Our x-ray screen revealed 43 compounds binding to Mpro, with seven compounds showing antiviral activity against SARS-CoV-2. We present structural evidence for interaction of these compounds at active and allosteric sites of Mpro, although we cannot exclude that off-target effects played a role in the antiviral effect in cell culture, in particular for compounds with a low selectivity index. Conversely, an absence of antiviral activity of compounds binding clearly to Mpro in the crystal might be due to rapid metabolization in the cellular environment. Calpeptin and pelitinib showed strong antiviral activity with low cytotoxicity and are suitable for preclinical evaluation. In any case, all hit compounds are valuable lead structures with potential for further drug development, especially because drug-repurposing libraries offer the advantage of proven bioactivity and cell permeability ().

The most active compound, calpeptin, binds in the active site similar to other members of the large class of peptide-based inhibitors that bind as thiohemi-acetals or -ketals to Mpro (). In addition to this peptidomimetic inhibitor, we discovered several nonpeptidic inhibitors. Those compounds binding to the active site of Mpro contained new Michael acceptors based on β-aminoketones (tolperisone and HEAT). These compounds lead to the formation of thioethers and have not been described as prodrugs for viral proteases. We also identified a noncovalent binder, MUT056399, that blocked the active site. In addition to this common active site inhibition, we identified compounds that inhibit the enzyme through binding at two allosteric sites of Mpro.
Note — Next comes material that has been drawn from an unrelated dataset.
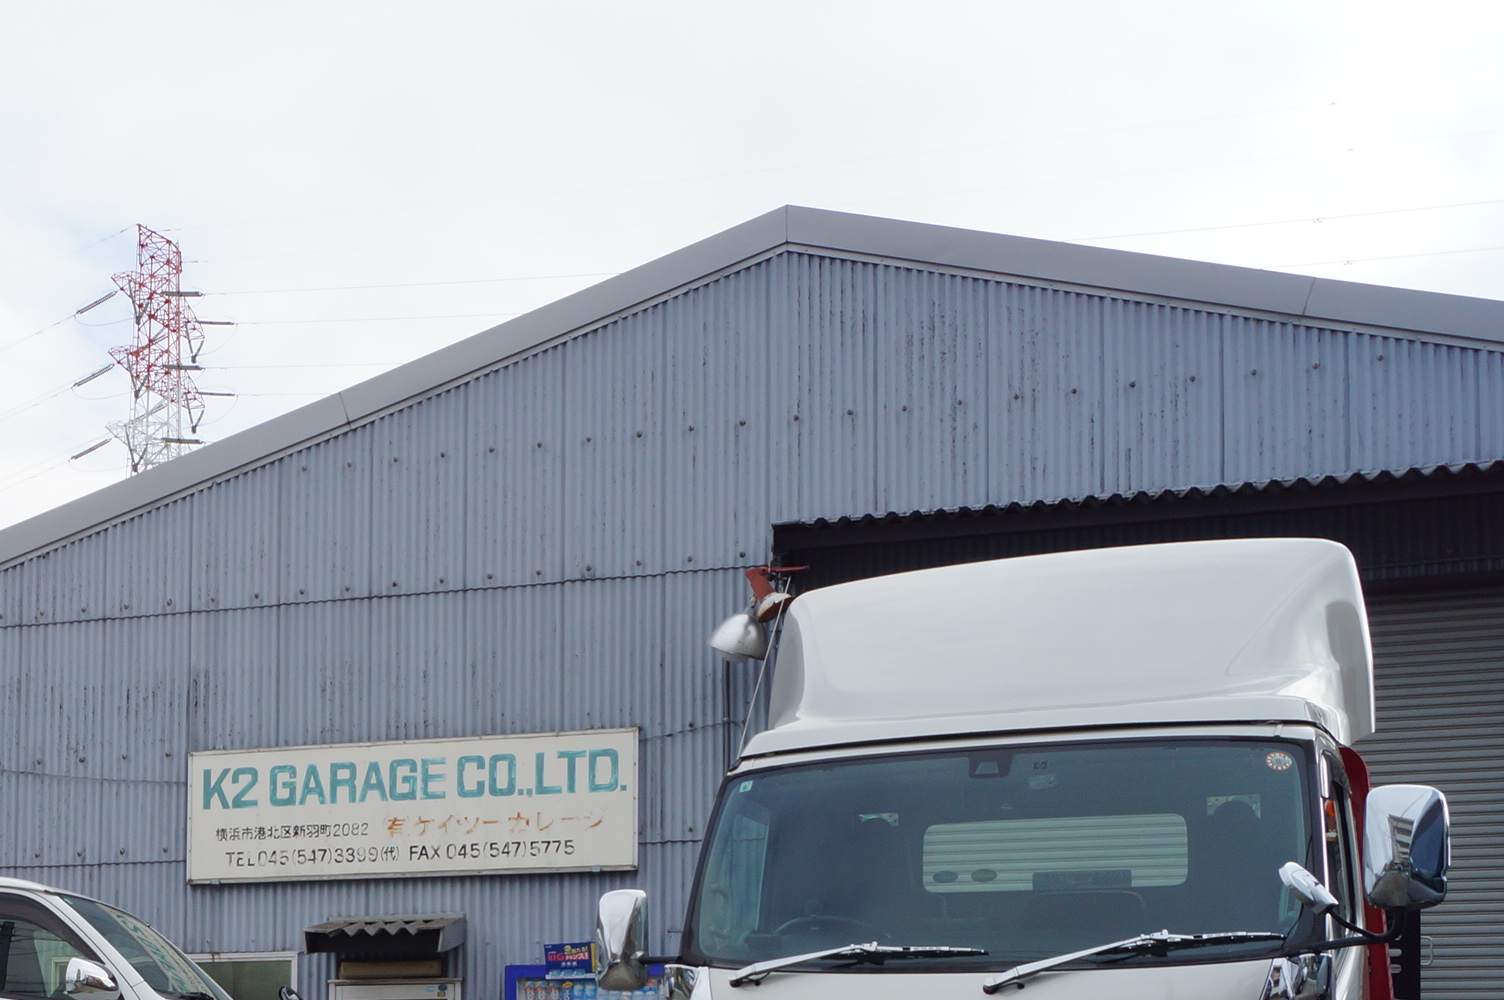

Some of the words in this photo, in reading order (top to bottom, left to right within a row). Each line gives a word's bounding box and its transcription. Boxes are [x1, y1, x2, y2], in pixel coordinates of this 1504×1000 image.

[202, 766, 259, 810] K2
[269, 757, 446, 807] GARAGE
[409, 844, 441, 861] FAX
The first allosteric site (dimerization domain) is in the direct vicinity of the S1 pocket of the adjacent monomer within the native dimer. The potential for antiviral inhibition through this site is demonstrated by pelitinib. The hydrophobic nature of the residues forming the main pocket is conserved in all human coronavirus Mpro (fig. S8). Consequently, potential drugs targeting this binding site may be effective against other coronaviruses. The potential of the second allosteric site as a druggable target is demonstrated by the observed moderate antiviral activity of AT7519.